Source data
━━━━━━━━━━━━━━━━━━━━━━━━━━━━━━

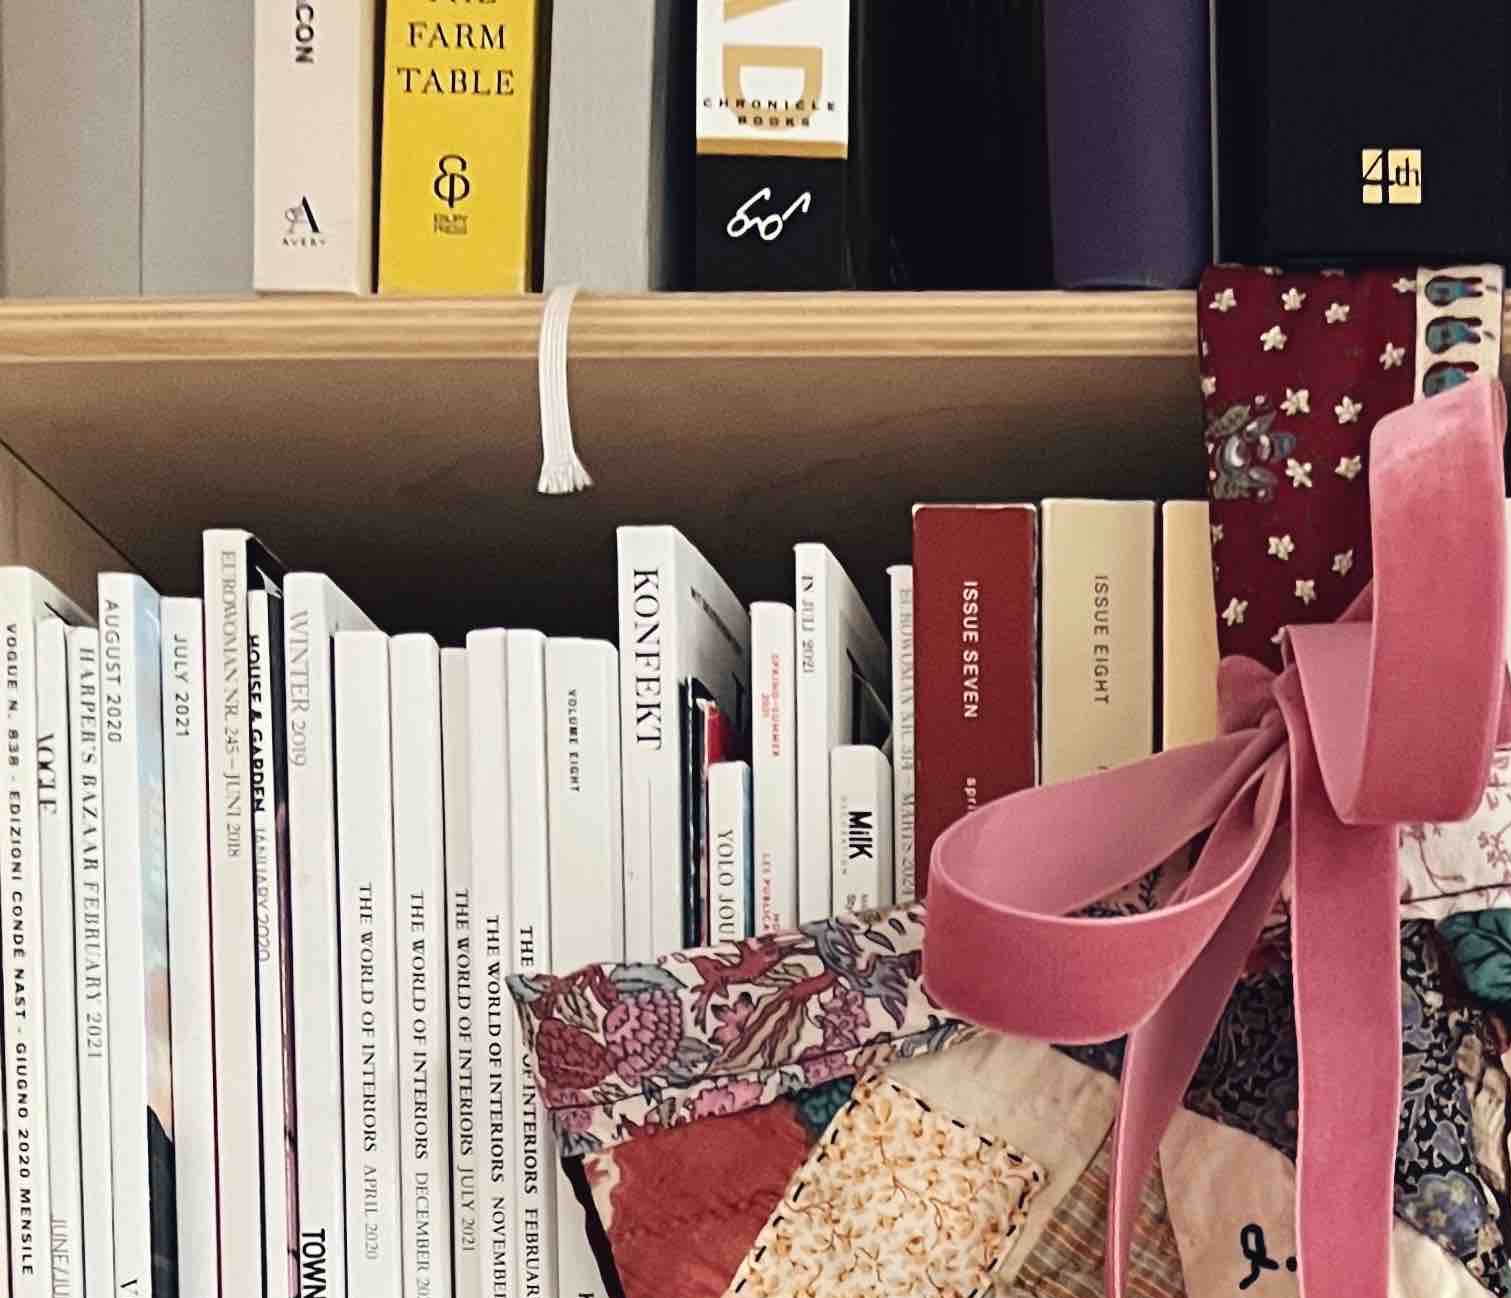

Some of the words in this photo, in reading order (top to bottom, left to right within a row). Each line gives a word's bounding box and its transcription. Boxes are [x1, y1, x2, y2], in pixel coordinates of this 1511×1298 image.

[408, 22, 504, 49] FARM
[397, 67, 515, 95] TABLE
[703, 99, 835, 112] CHRONICLE
[737, 116, 810, 127] BOOKS
[282, 237, 327, 248] AVERY
[221, 551, 238, 681] EUROWOMAN
[963, 582, 978, 642] ISSUE
[1094, 576, 1109, 635] ISSUE
[6, 624, 18, 689] VOGUE
[105, 601, 120, 684] AUGUST
[174, 634, 189, 682] JULY
[289, 610, 309, 712] WINTER
[632, 569, 662, 751] KONFEKT
[803, 640, 815, 674] 2021
[249, 634, 261, 703] HOUSE
[964, 651, 978, 718] SEVEN
[1095, 645, 1109, 704] EIGHT
[8, 700, 18, 719] N.
[79, 648, 96, 764] HARPER'S
[107, 695, 122, 743] 2020
[175, 693, 190, 737] 2021
[568, 689, 579, 743] VOLUME
[8, 730, 19, 766] 838
[225, 727, 239, 753] 245
[289, 720, 308, 766] 2019
[224, 771, 241, 817] JUNI
[250, 728, 264, 812] GARDEN
[569, 752, 580, 792] EIGHT
[9, 791, 23, 880] EDIZIONI
[82, 775, 99, 870] BAZAAR
[226, 824, 241, 857] 2018
[718, 830, 733, 887] YOLO
[358, 883, 373, 924] THE
[410, 890, 425, 931] THE
[455, 890, 469, 929] THE
[84, 881, 103, 1001] FEBRUARY
[486, 915, 500, 955] THE
[520, 927, 534, 966] THE
[359, 932, 374, 1003] WORLD
[410, 939, 427, 1011] WORLD
[455, 937, 472, 1009] WORLD
[14, 968, 26, 1020] NAST
[486, 962, 501, 1037] WORLD
[87, 1012, 103, 1059] 2021
[361, 1011, 375, 1037] OF
[413, 1019, 427, 1045] OF
[457, 1017, 472, 1043] OF
[15, 1043, 28, 1118] GIUGNO
[488, 1043, 502, 1068] OF
[362, 1044, 378, 1151] INTERIORS
[414, 1052, 429, 1159] INTERIORS
[458, 1049, 474, 1156] INTERIORS
[18, 1129, 31, 1178] 2020
[489, 1074, 505, 1183] INTERIORS
[522, 1084, 538, 1194] INTERIORS
[363, 1165, 378, 1216] APRIL
[456, 1166, 475, 1211] JULY
[20, 1189, 34, 1275] MENSILE
[365, 1224, 380, 1259] 2020
[414, 1172, 431, 1271] DECEMBER
[461, 1217, 476, 1251] 2021

━━━━━━━━━━━━━━━━━━━━━━━━━━━━━━

Going through the data, count each line where the word "EIGHT" appears, and state only the total.

# PROBLEM SOLUTION
2